Heroes Of The Addiction Crisis: How Dr. Amy Baxter Is Helping To Battle One of Our Most Serious Epidemics
…Throw away the pills in your medicine cabinet. They’re not helping you. They’re not “the good stuff”. They won’t be useful to your family if they hurt themselves. Throw them away. They pose a far greater risk than the potential for benefit. Keeping oral opioids around “just in case” is not wise…
I had the pleasure of talking with Dr. Amy Baxter. Amy Baxter, MD FAAP FACEP, serves as a Clinical Associate Professor at Augusta University’s Department of Emergency Medicine and is an affiliate staff member at Children’s Healthcare of Atlanta. Specializing in pediatric emergency medicine, Dr. Baxter has secured federal funding for her groundbreaking neuromodulation pain relief research, aimed at reducing opioid use for low back pain and enhancing immunization adherence by addressing needle pain. At the end of the interview you can read more about her other scientific contributions, from timing child abuse to COVID prevention, but let’s get to it.
Yitzi: Dr. Amy, it’s a delight to meet you again. Before we dive in, our readers would love to hear your origin story. Could you take us back to the beginning and share a bit about your childhood experiences and how you grew up?
Dr. Baxter: It’s wonderful to be here, Yitzi. I was born and raised in Lexington, Kentucky, and from the age of four, I knew I wanted to be a doctor. I’d sit on the stoop in front of our house with mercurochrome [an old red antiseptic dispensed with a dropper] and a band-aid, waiting for somebody to get hurt, so I could be there to help them. If I wasn’t doing that, I was reading or building Legos. These actually align with my destiny in emergency medicine: we love fixing things, we’re interested in all kinds of medicine, and we often have to jury-rig solutions and think outside the box.
Throughout high school, I was consistently drawn to the field of medicine, aspiring to be the one who rushes toward a crisis instead of away from it. Simultaneously, I developed an interest in business and became involved in Junior Achievement. Money was tight in our family, and participating in Junior Achievement provided me with an extracurricular that allowed me to earn a little income. This is likely where the fusion of entrepreneurship and medicine took root.

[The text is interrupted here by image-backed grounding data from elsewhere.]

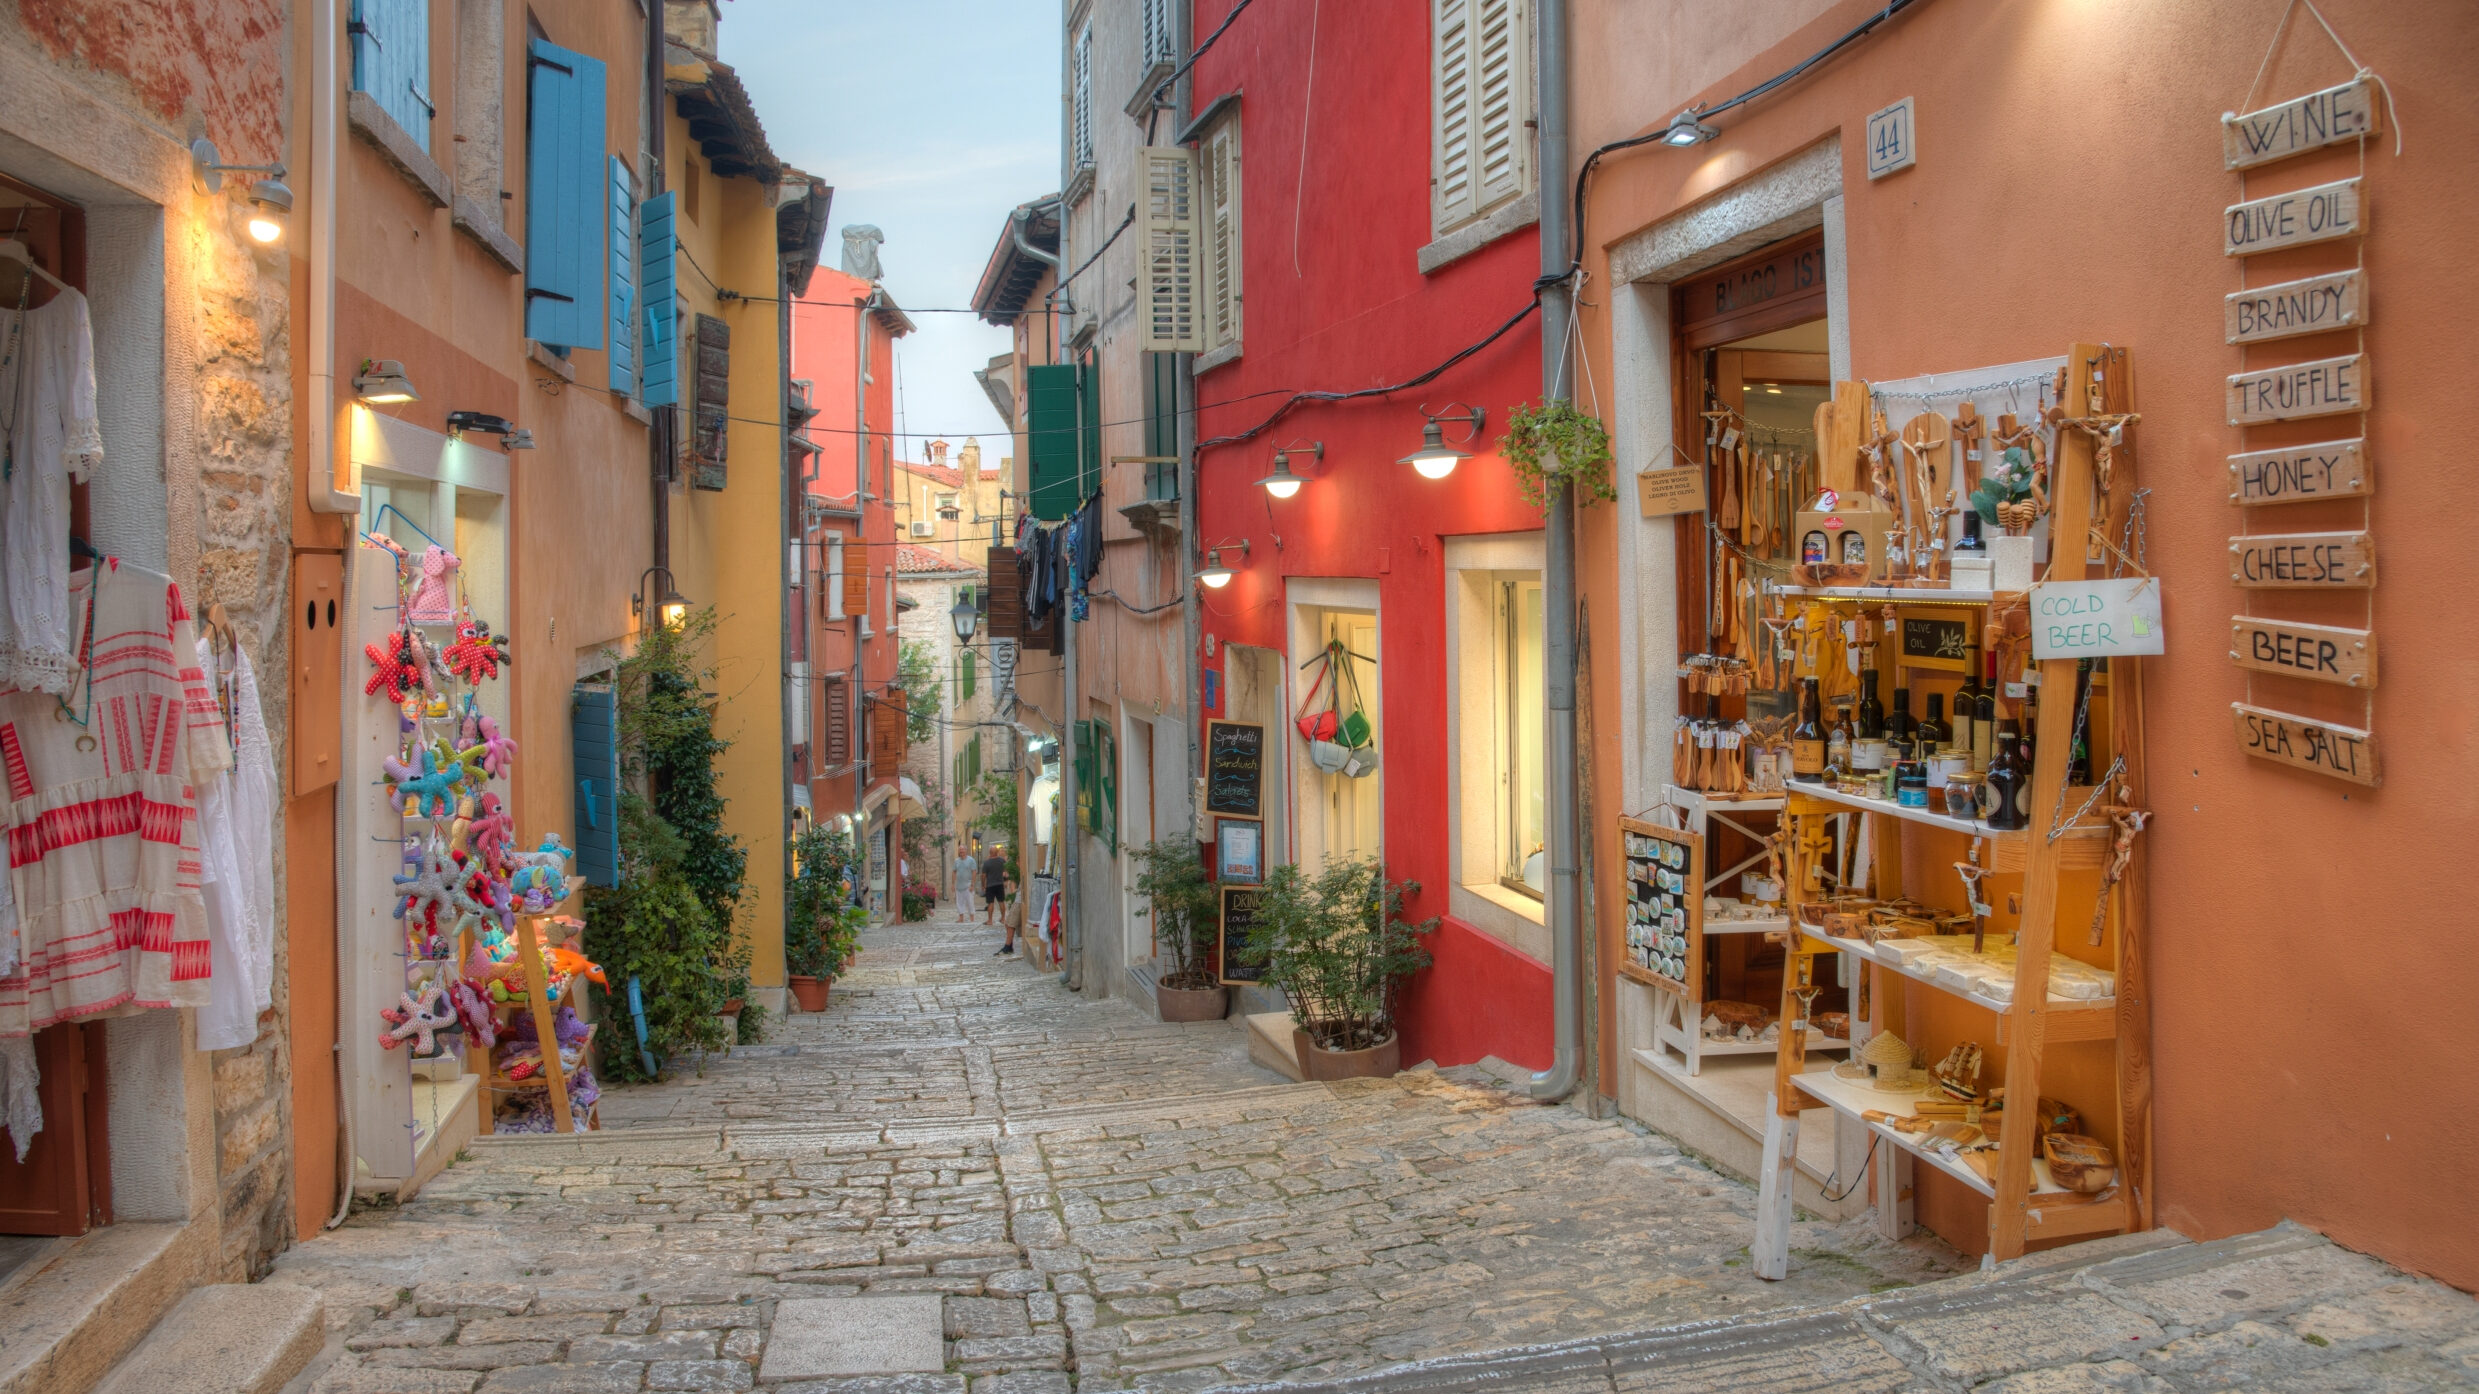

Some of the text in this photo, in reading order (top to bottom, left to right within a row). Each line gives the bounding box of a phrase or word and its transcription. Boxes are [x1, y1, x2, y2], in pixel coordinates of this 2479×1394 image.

[1876, 118, 1900, 160] 44
[2241, 87, 2353, 155] WINE
[2230, 193, 2350, 246] OLIVE OIL
[1716, 264, 1777, 314] BLAGO
[2238, 284, 2346, 335] BRANDY
[2234, 364, 2352, 414] TRUFFLE
[2243, 456, 2339, 497] HONEY
[2243, 545, 2346, 583] CHEESE
[2041, 594, 2104, 616] COLD
[1907, 621, 1932, 634] OLIVE
[1910, 638, 1926, 649] OIL
[2048, 622, 2119, 648] BEER
[2252, 630, 2339, 674] BEER
[1214, 727, 1257, 747] Spaghetti
[2247, 715, 2363, 776] SEA SALT

None of my family members were in medicine — my dad quit college to write sports news, and he and my mom still have a life insurance business. He pushed me to get the best education I could, but I was also always cognizant of not wasting anything. Plus, he introduced me to science fiction via Robert A. Heinlein, which shaped my perspective on curiosity, research, and the obligation to give back to society. Voila, Yitzi, my origin story!
Yitzi: Amazing. OK, so you’re now doing some incredible work helping to combat opioid addiction. Can you share a story or incident that inspired you to get involved in this particular aspect of healthcare?

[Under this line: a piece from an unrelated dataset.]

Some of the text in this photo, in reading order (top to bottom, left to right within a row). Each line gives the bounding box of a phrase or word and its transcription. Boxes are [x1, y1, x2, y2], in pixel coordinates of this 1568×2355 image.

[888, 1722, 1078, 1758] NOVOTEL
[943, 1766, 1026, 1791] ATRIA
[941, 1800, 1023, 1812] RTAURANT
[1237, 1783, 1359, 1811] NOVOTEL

Dr. Baxter: Yeah. When people reflect on their lives, various stories bubble up at different times, sometimes only in retrospect. I realize now that my best friend in high school overdosing on heroin fueled my persistence here, but it took a long time to get there, and she wasn’t why I pivoted at the time.
I’ve always been drawn to areas of preventable suffering. Anything avoidable, like unnecessary pain or nausea, or anything simpler and more cost-effective, like a quick screening test or intervention, has always sparked my research interests. My first project was to develop a two question screen for PTSD, which didn’t work, and to create an algorithm timing liver injuries to identify child abuse, which did.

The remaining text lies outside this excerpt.